[Items from a data source]
++++
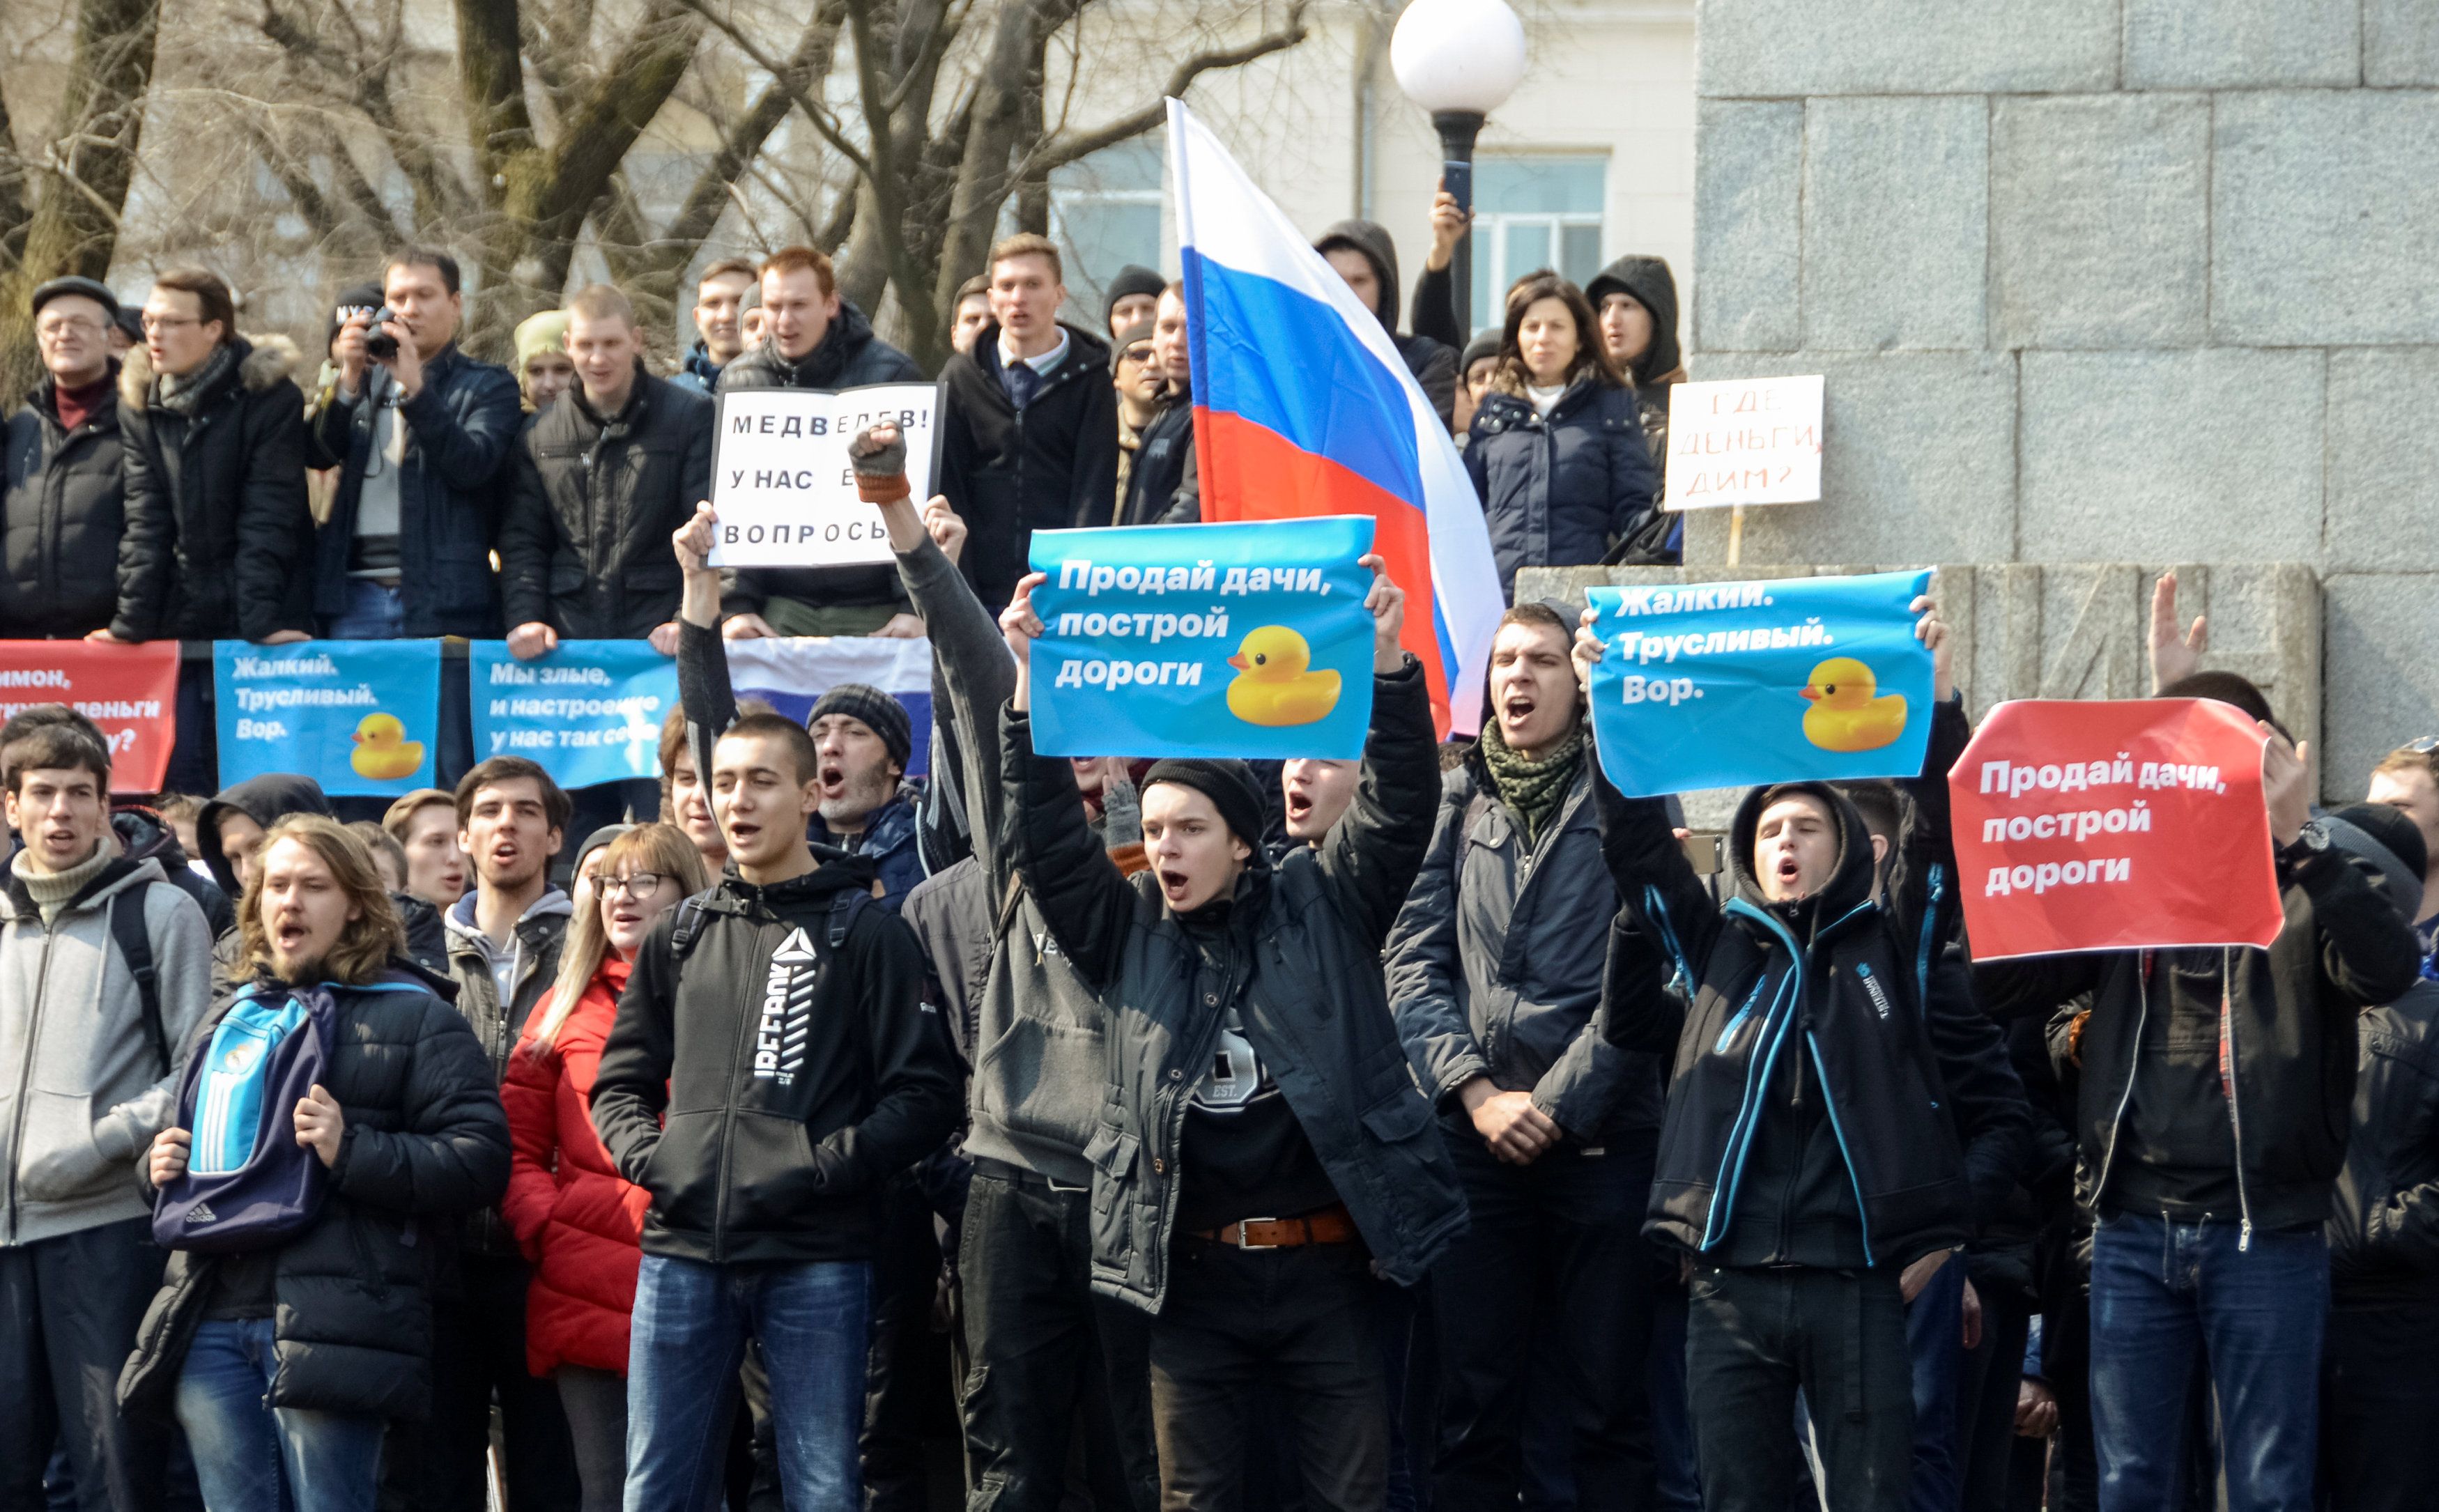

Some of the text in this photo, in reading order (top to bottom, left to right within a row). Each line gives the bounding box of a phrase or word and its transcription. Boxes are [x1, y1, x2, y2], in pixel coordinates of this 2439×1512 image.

[1712, 389, 1782, 415] ГДЕ
[1678, 424, 1822, 456] ДЕНЬГИ,
[731, 470, 813, 489] У НАС
[1686, 465, 1792, 497] ДИМ?
[1059, 560, 1332, 596] Продай дачи,
[1615, 584, 1774, 617] Жалкий.
[1058, 606, 1229, 643] построй
[1619, 617, 1833, 665] Трусливый.
[232, 654, 338, 679] Жалкий.
[490, 663, 612, 687] Мы злые,
[1055, 659, 1203, 691] дороги
[235, 683, 379, 713] Трусливый.
[1622, 675, 1705, 706] Вор.
[490, 695, 659, 720] и настроее
[236, 718, 287, 741] Вор.
[491, 731, 505, 753] у
[509, 730, 555, 748] нас
[558, 730, 601, 748] так
[1980, 752, 2226, 799] Продай дачи,
[1983, 799, 2151, 842] построй
[1985, 857, 2131, 897] дороги
[1213, 1085, 1237, 1098] EST.
++++
■ **WHAT TO WORK ON**: Since the copy must exclude the pictures, transcribe only the text of the records, word for word.

■ **ANSWER TO THIS TASK**:
Some of the text in this photo, in reading order (top to bottom, left to right within a row). Each line gives the bounding box of a phrase or word and its transcription. Boxes are [x1, y1, x2, y2], in pixel coordinates of this 2439×1512 image.

[1712, 389, 1782, 415] ГДЕ
[1678, 424, 1822, 456] ДЕНЬГИ,
[731, 470, 813, 489] У НАС
[1686, 465, 1792, 497] ДИМ?
[1059, 560, 1332, 596] Продай дачи,
[1615, 584, 1774, 617] Жалкий.
[1058, 606, 1229, 643] построй
[1619, 617, 1833, 665] Трусливый.
[232, 654, 338, 679] Жалкий.
[490, 663, 612, 687] Мы злые,
[1055, 659, 1203, 691] дороги
[235, 683, 379, 713] Трусливый.
[1622, 675, 1705, 706] Вор.
[490, 695, 659, 720] и настроее
[236, 718, 287, 741] Вор.
[491, 731, 505, 753] у
[509, 730, 555, 748] нас
[558, 730, 601, 748] так
[1980, 752, 2226, 799] Продай дачи,
[1983, 799, 2151, 842] построй
[1985, 857, 2131, 897] дороги
[1213, 1085, 1237, 1098] EST.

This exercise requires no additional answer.